Instructions to follow :: Repeat the following data exactly, omitting pictures.
------------
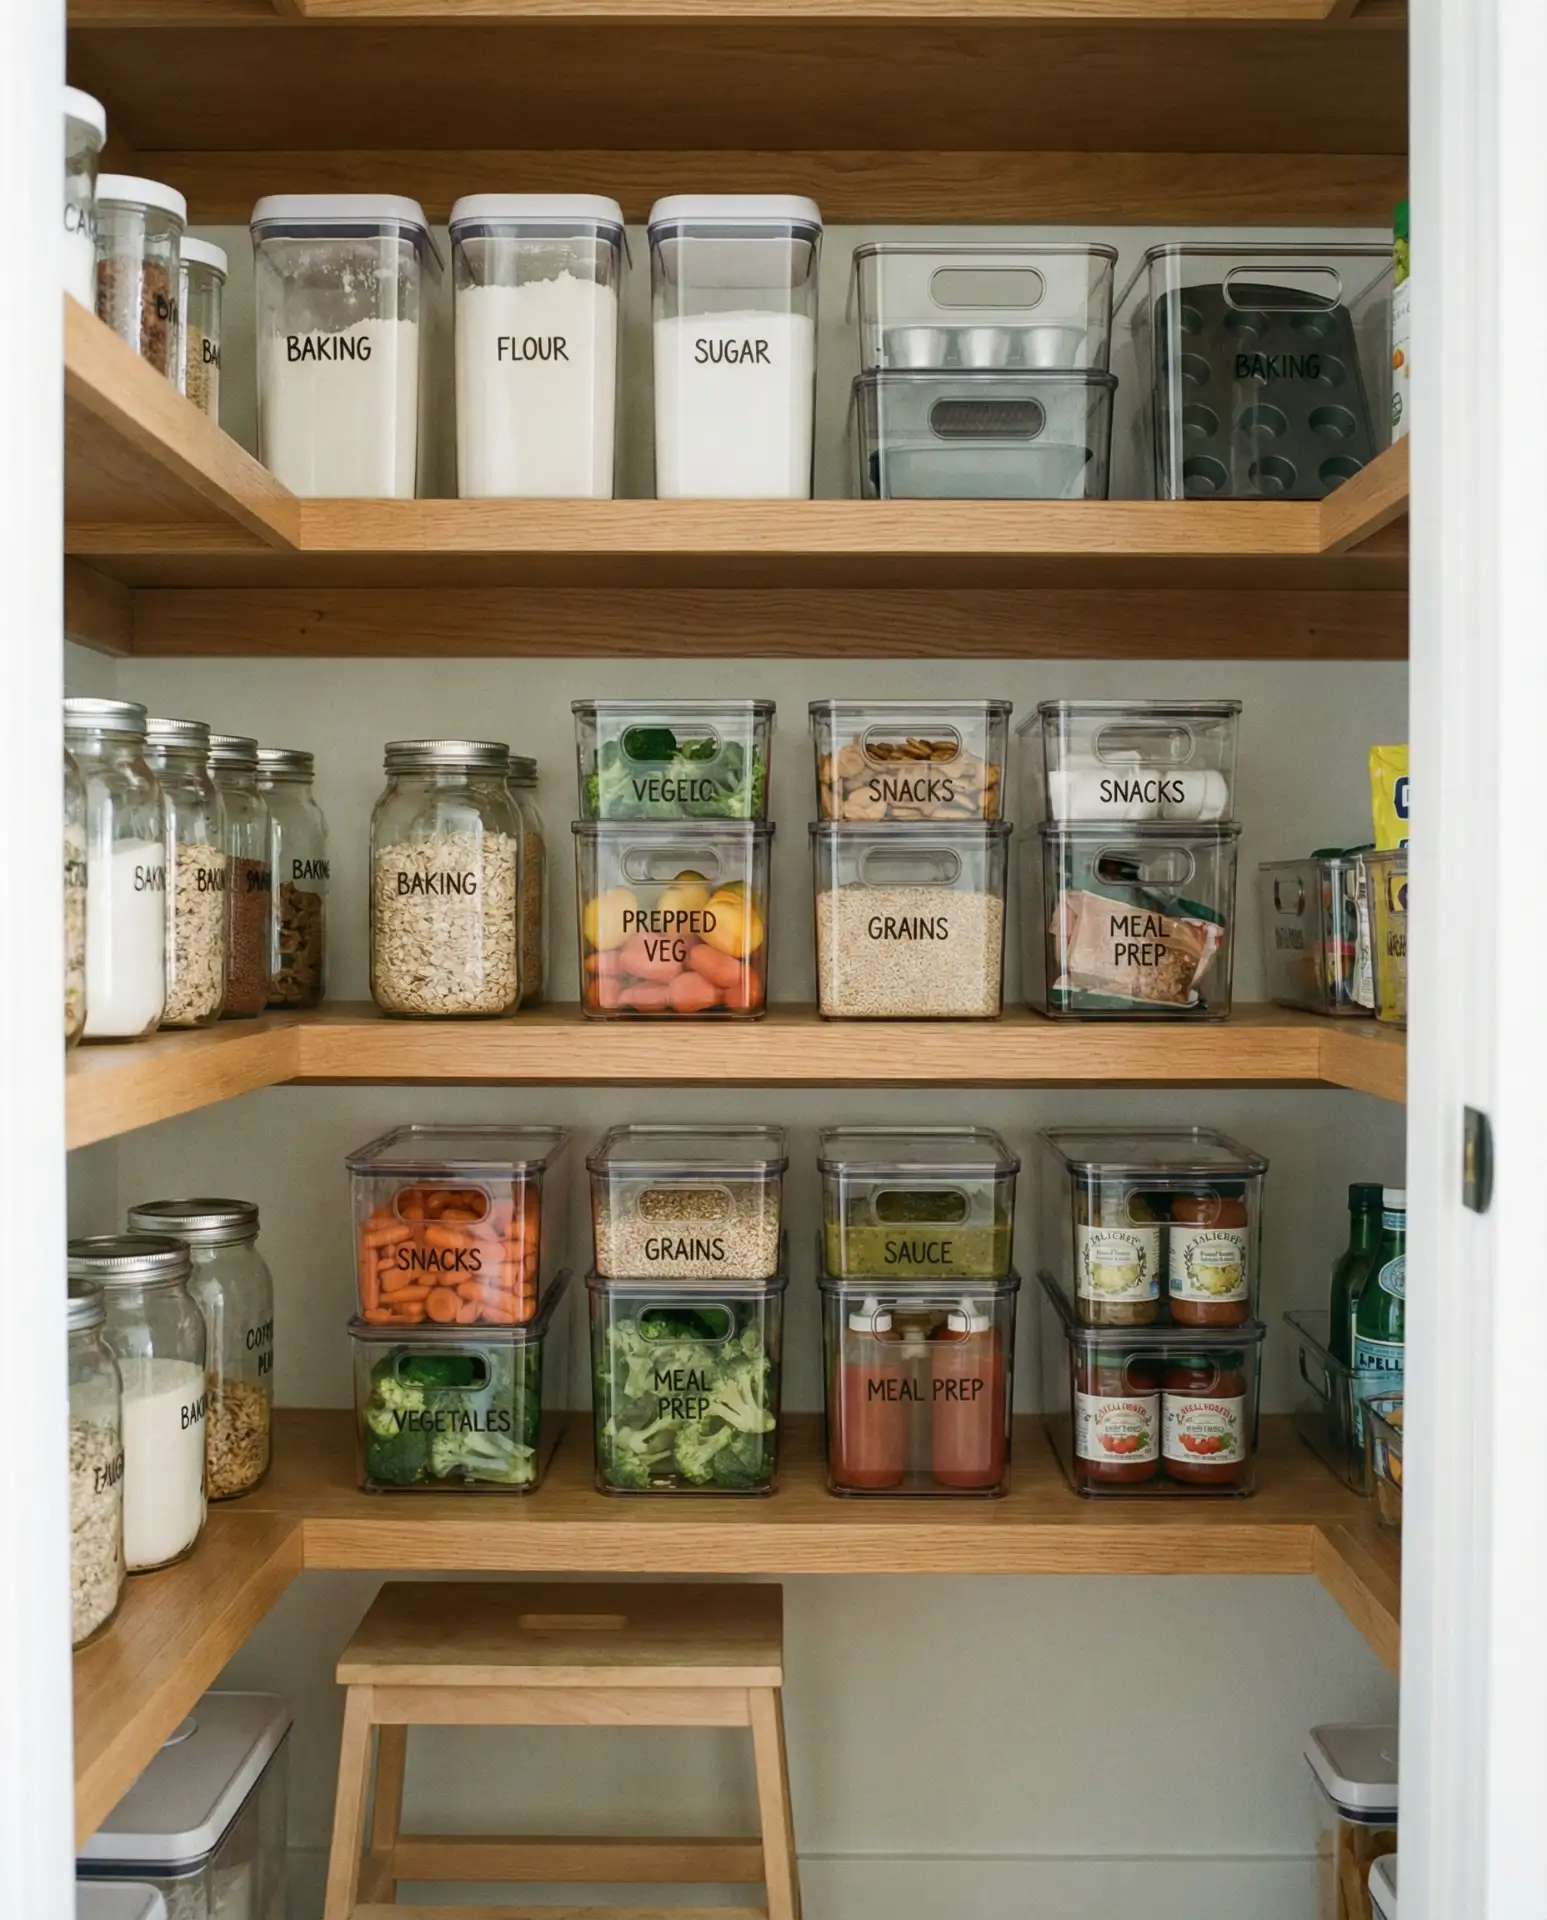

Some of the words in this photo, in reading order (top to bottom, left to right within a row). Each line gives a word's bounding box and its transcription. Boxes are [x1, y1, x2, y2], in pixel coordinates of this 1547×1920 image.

[287, 335, 373, 362] BAKING
[497, 336, 570, 361] FLOUR
[694, 338, 771, 364] SUGAR
[1234, 353, 1321, 380] BAKING
[868, 778, 955, 803] SNACKS
[1099, 779, 1186, 804] SNACKS
[397, 871, 477, 896] BAKING
[622, 909, 717, 934] PREPPED
[868, 916, 949, 941] GRAINS
[1110, 914, 1170, 938] MEAL
[643, 938, 687, 963] VEG
[1114, 942, 1167, 966] PREP
[397, 1247, 482, 1272] SNACKS
[644, 1237, 726, 1262] GRAINS
[884, 1240, 954, 1265] SAUCE
[653, 1368, 713, 1393] MEAL
[867, 1378, 925, 1402] MEAL
[932, 1377, 984, 1402] PREP
[393, 1408, 511, 1434] VEGETALES
[657, 1397, 711, 1421] PREP
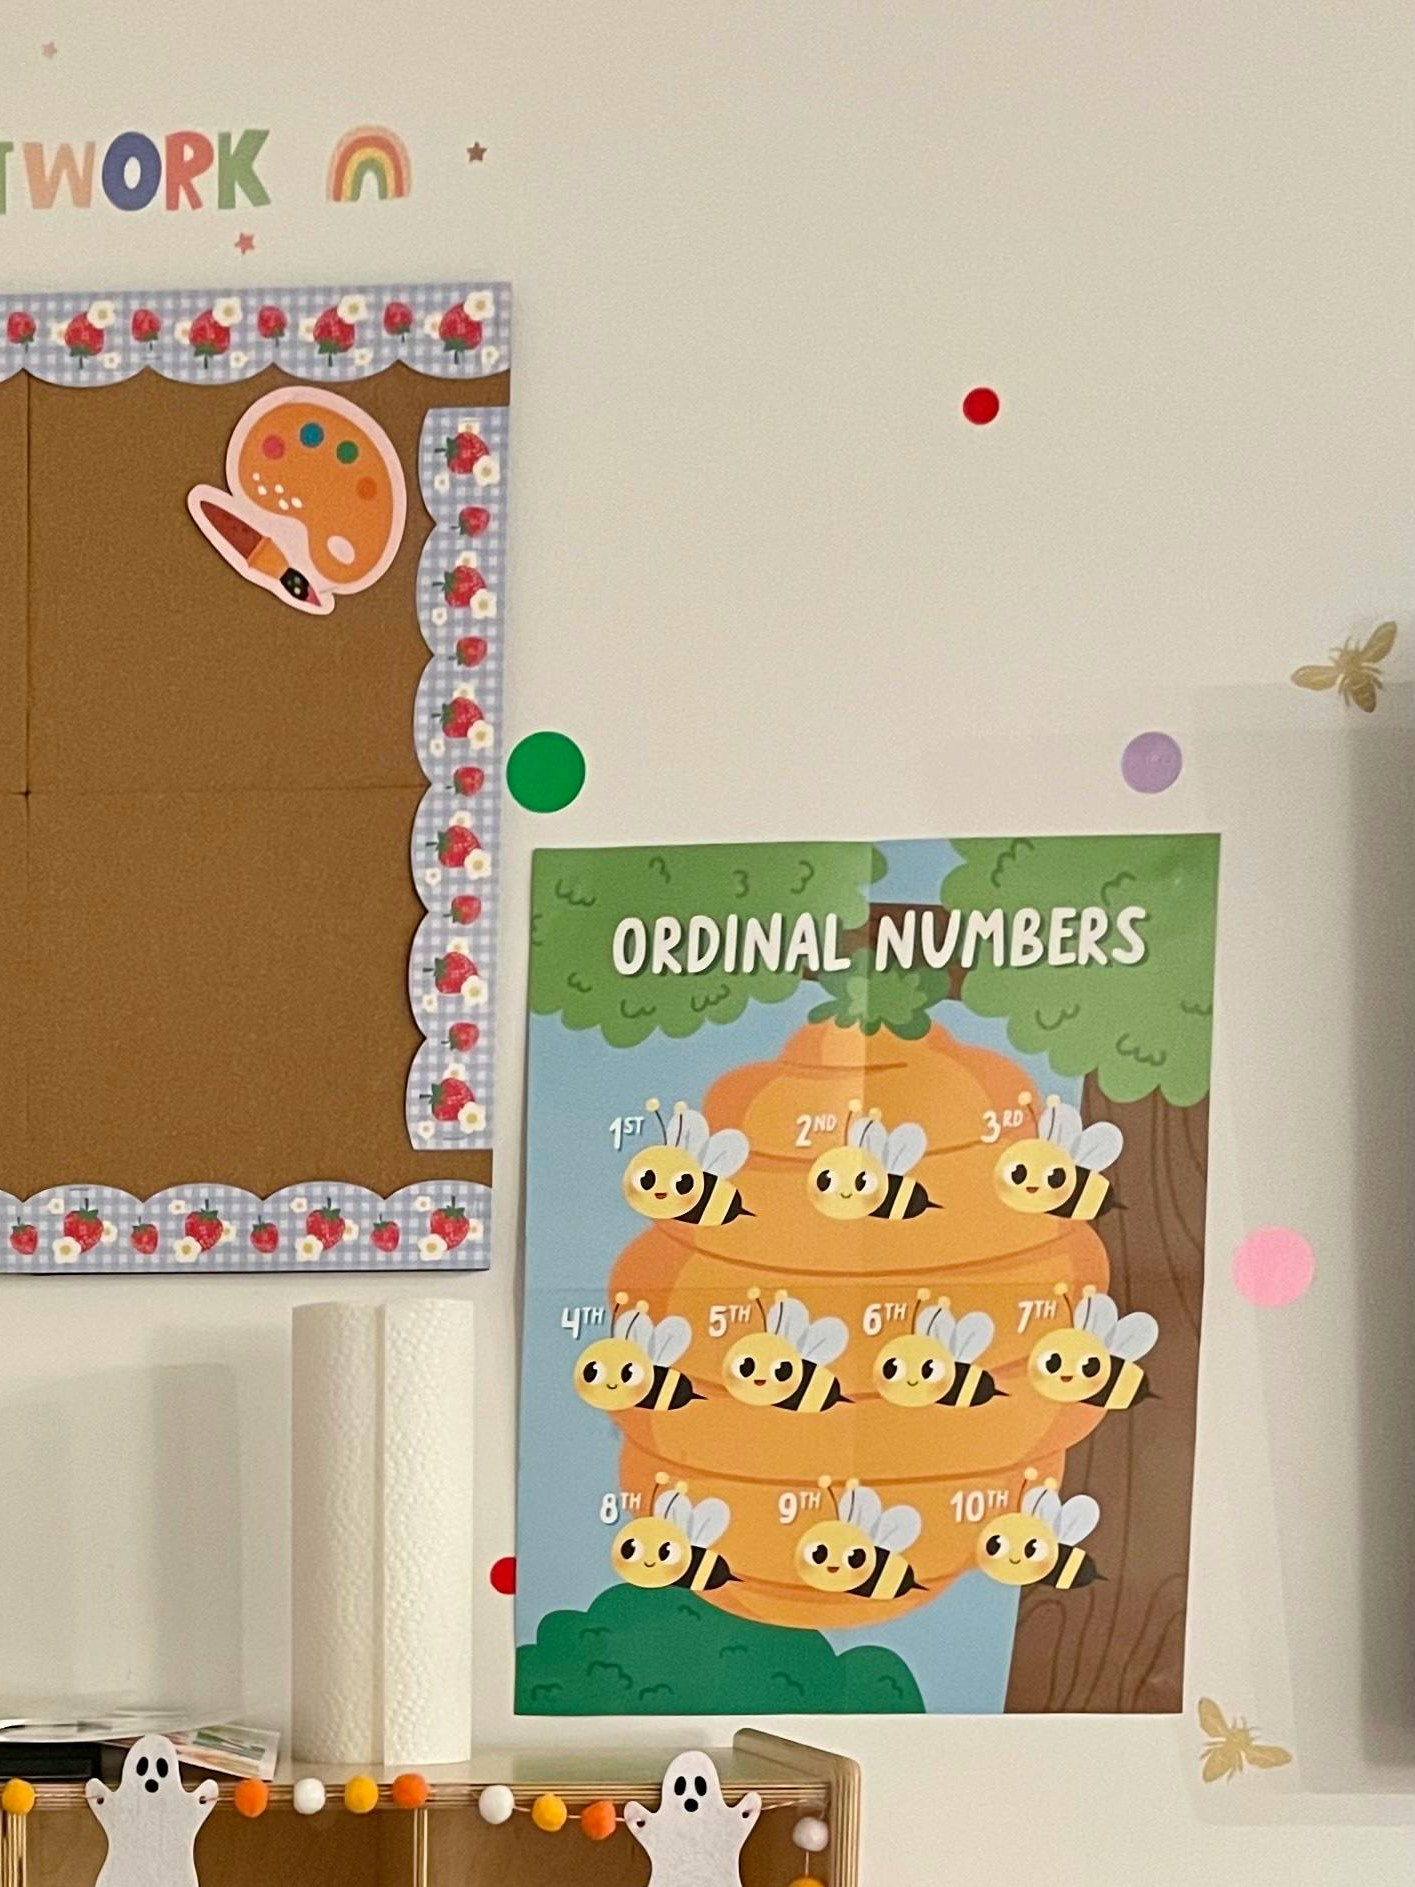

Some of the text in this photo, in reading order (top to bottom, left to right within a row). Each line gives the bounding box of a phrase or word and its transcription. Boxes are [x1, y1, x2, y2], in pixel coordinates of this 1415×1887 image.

[612, 906, 1147, 975] ORDINAL NUMBERS
[609, 1116, 645, 1151] 1ST
[794, 1114, 837, 1147] 2ND
[980, 1110, 1024, 1144] 3RD
[561, 1306, 605, 1340] 4TH
[708, 1304, 751, 1338] 5TH
[862, 1303, 908, 1336] 6TH
[1017, 1300, 1057, 1334] 7TH
[599, 1492, 642, 1524] 8TH
[778, 1491, 822, 1524] 9TH
[950, 1489, 1009, 1522] 10TH
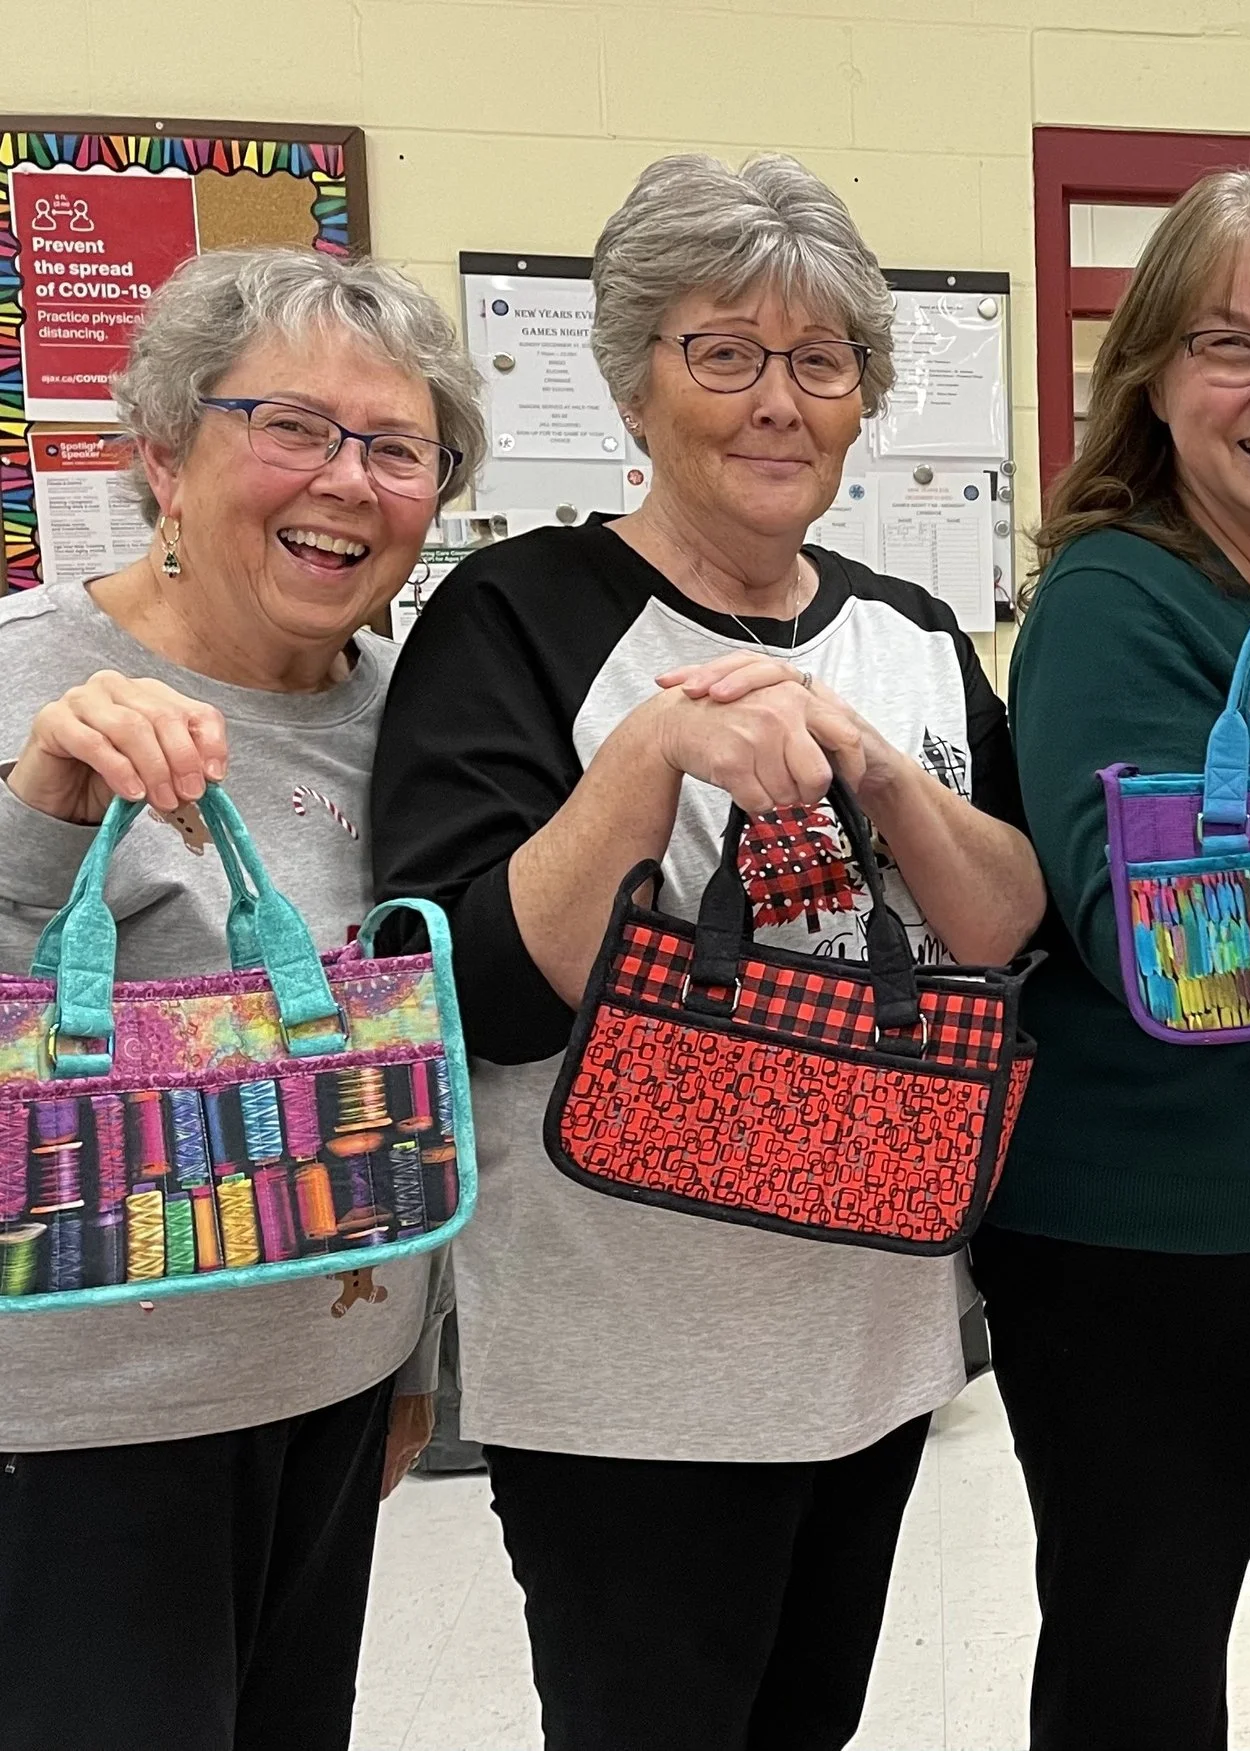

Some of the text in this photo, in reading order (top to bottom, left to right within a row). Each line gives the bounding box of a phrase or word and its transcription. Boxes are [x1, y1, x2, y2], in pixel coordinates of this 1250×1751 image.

[32, 236, 105, 254] Prevent
[34, 260, 134, 279] the spread
[36, 282, 151, 299] of COVID-19
[37, 310, 145, 326] Practice physical
[514, 309, 536, 319] NEW
[538, 309, 573, 319] YEARS
[39, 326, 108, 342] distancing.
[521, 328, 589, 337] GAMES NIGHT
------------
Response to the exercise ::
Some of the words in this photo, in reading order (top to bottom, left to right within a row). Each line gives a word's bounding box and its transcription. Boxes are [x1, y1, x2, y2], in pixel coordinates of this 1547×1920 image.

[287, 335, 373, 362] BAKING
[497, 336, 570, 361] FLOUR
[694, 338, 771, 364] SUGAR
[1234, 353, 1321, 380] BAKING
[868, 778, 955, 803] SNACKS
[1099, 779, 1186, 804] SNACKS
[397, 871, 477, 896] BAKING
[622, 909, 717, 934] PREPPED
[868, 916, 949, 941] GRAINS
[1110, 914, 1170, 938] MEAL
[643, 938, 687, 963] VEG
[1114, 942, 1167, 966] PREP
[397, 1247, 482, 1272] SNACKS
[644, 1237, 726, 1262] GRAINS
[884, 1240, 954, 1265] SAUCE
[653, 1368, 713, 1393] MEAL
[867, 1378, 925, 1402] MEAL
[932, 1377, 984, 1402] PREP
[393, 1408, 511, 1434] VEGETALES
[657, 1397, 711, 1421] PREP

Some of the text in this photo, in reading order (top to bottom, left to right within a row). Each line gives the bounding box of a phrase or word and its transcription. Boxes are [x1, y1, x2, y2], in pixel coordinates of this 1415×1887 image.

[612, 906, 1147, 975] ORDINAL NUMBERS
[609, 1116, 645, 1151] 1ST
[794, 1114, 837, 1147] 2ND
[980, 1110, 1024, 1144] 3RD
[561, 1306, 605, 1340] 4TH
[708, 1304, 751, 1338] 5TH
[862, 1303, 908, 1336] 6TH
[1017, 1300, 1057, 1334] 7TH
[599, 1492, 642, 1524] 8TH
[778, 1491, 822, 1524] 9TH
[950, 1489, 1009, 1522] 10TH

Some of the text in this photo, in reading order (top to bottom, left to right within a row). Each line gives the bounding box of a phrase or word and its transcription. Boxes are [x1, y1, x2, y2], in pixel coordinates of this 1250×1751 image.

[32, 236, 105, 254] Prevent
[34, 260, 134, 279] the spread
[36, 282, 151, 299] of COVID-19
[37, 310, 145, 326] Practice physical
[514, 309, 536, 319] NEW
[538, 309, 573, 319] YEARS
[39, 326, 108, 342] distancing.
[521, 328, 589, 337] GAMES NIGHT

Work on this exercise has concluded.